Although he has a reputation for wackiness, he is actually more predictable than you might think:
After nine months back on the job, however, Brown has proved that his Moonbeam image is outdated. As the legislative session winds down, it’s tough to survey the bills that Brown has signed and vetoed and not conclude that he resembles his two predecessors, Arnold Schwarzenegger and Brown’s former chief of staff, Gray Davis.For example:
Brown rejected SB 168, which, according to Ballot Access News, “makes it illegal to pay circulators on a per-signature basis, if they are working on initiative, referendum, or recall petitions.” By effectively prohibiting people from working as paid signature gatherers, unions had hoped to double the costs of initiative drives, which they view as the main way conservatives undermine the labor agenda.
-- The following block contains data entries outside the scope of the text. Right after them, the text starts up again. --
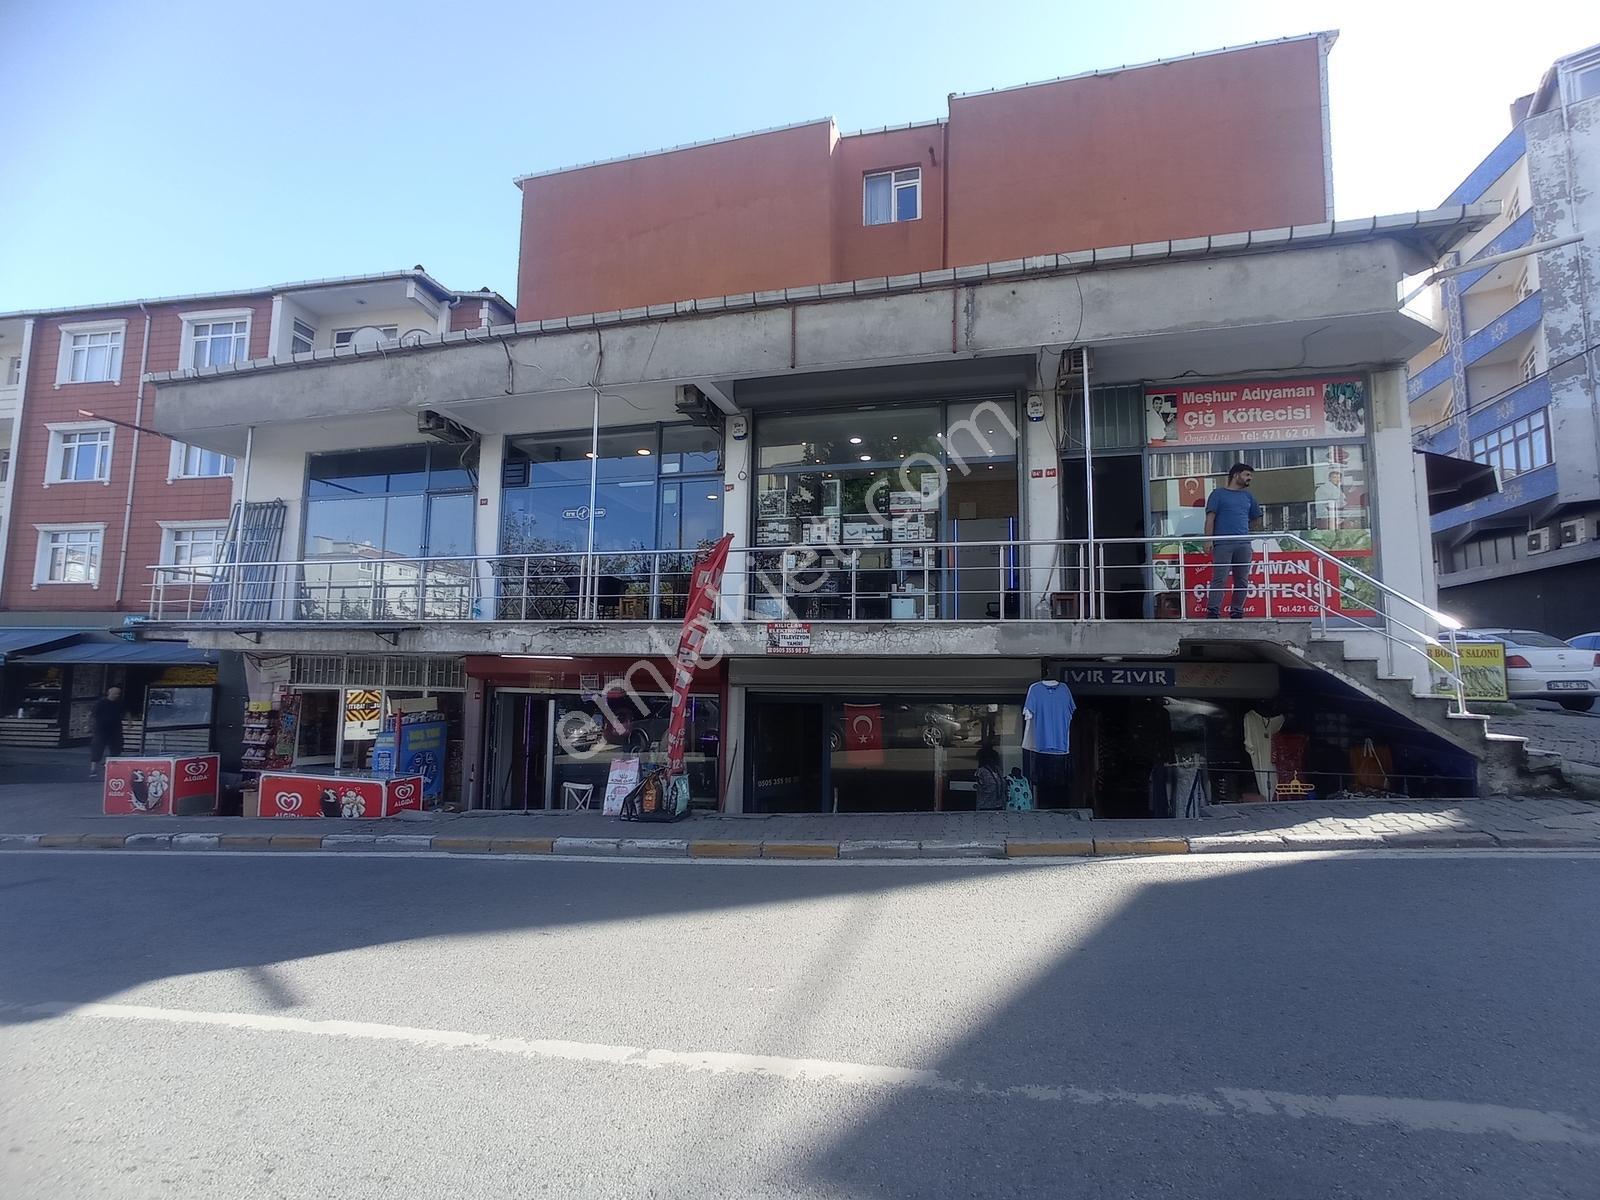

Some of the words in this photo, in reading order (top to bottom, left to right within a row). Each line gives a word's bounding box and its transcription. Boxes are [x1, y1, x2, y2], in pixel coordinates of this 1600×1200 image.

[1182, 390, 1237, 406] Meşhur
[1241, 386, 1315, 402] Adıyaman
[1183, 409, 1216, 429] Çiğ
[1222, 404, 1312, 424] Köftecisi
[1240, 431, 1259, 441] Tel:
[1285, 429, 1297, 438] 62
[1466, 649, 1499, 658] SALONU
[1111, 670, 1167, 685] ZIVIR
[394, 798, 414, 808] ALGIDA
Brown also vetoed a bill that would have forced signature gatherers in initiative campaigns to wear signs branding them as paid gatherers. In doing so, he sounded downright libertarian: “I choose not to go down this slippery slope where the state decides what citizens must wear when petitioning the government.”Jerry Brown plays eco-fiends and gay militants, but that isn't surprising. He is, however, much less of a union stooge than one might expect. So what to conclude?
Conservatives are also thrilled by Brown’s veto of “card-check” legislation for farm workers—a measure that would have eliminated the secret ballot for union votes—though he did later sign a compromise bill making it easier for farm workers to unionize. (Brown signed the original legislation granting farm workers the right to organize 30 years ago.) He also vetoed a bill that would have mandated that union members dominate local civil-service commissions, which regulate rules and standards for government employees. And in vetoing a bill requiring children to wear ski helmets, Brown again sounded a libertarian note: “While I appreciate the value of wearing a ski helmet, I am concerned about the continuing and seemingly inexorable transfer of authority from parents to the state. Not every human problem deserves a law.”
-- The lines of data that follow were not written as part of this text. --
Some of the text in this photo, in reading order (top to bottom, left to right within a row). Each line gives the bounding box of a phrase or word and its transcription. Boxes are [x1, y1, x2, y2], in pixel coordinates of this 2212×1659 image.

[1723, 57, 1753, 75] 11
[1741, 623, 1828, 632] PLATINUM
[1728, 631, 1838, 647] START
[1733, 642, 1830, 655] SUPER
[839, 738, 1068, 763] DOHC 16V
Earlier this summer, however, Brown angered social conservatives with his approval of a bill that mandates the teaching of a gay-friendly curriculum in public schools, and he has signed various environmental and green-jobs bills into law. One of them was the atrocious SB 2X1, which requires that 33 percent of California’s electricity be generated from alternative, “renewable” sources by 2020. He gave a rousing speech attacking Republicans at a labor rally in Las Vegas recently, saying, “I refuse to let the Republicans and the non-union contractors get away with their schemes to reduce wages.”
Brown is paddling right and left. He usually paddles more to the left than to the right, but nothing too radical is going on here. He’s not much different than Schwarzenegger, who repeatedly caved to public-employee unions and signed aggressive environmental legislation but mostly rejected “job-killer” bills too ridiculous even for California. Conservatives’ enduring tolerance for Brown stems largely from the hope that he could still do the unexpected. Brown might yet take on the public-employee unions, even though they spent $30 million on his behalf to help win back the governorship. Brown might close the gaping budget deficit. Brown might actually be, as many reporters described him last year, the “Nixon goes to China” governor who reforms public-employee pensions.
It’s probably the case that Brown won’t do any of those things, which would be disappointing but unsurprising. Steering too far left or right will lead him to some rocky shoals. More than anything else, someone with Brown’s instincts seeks calmer waters—like most conventional politicians.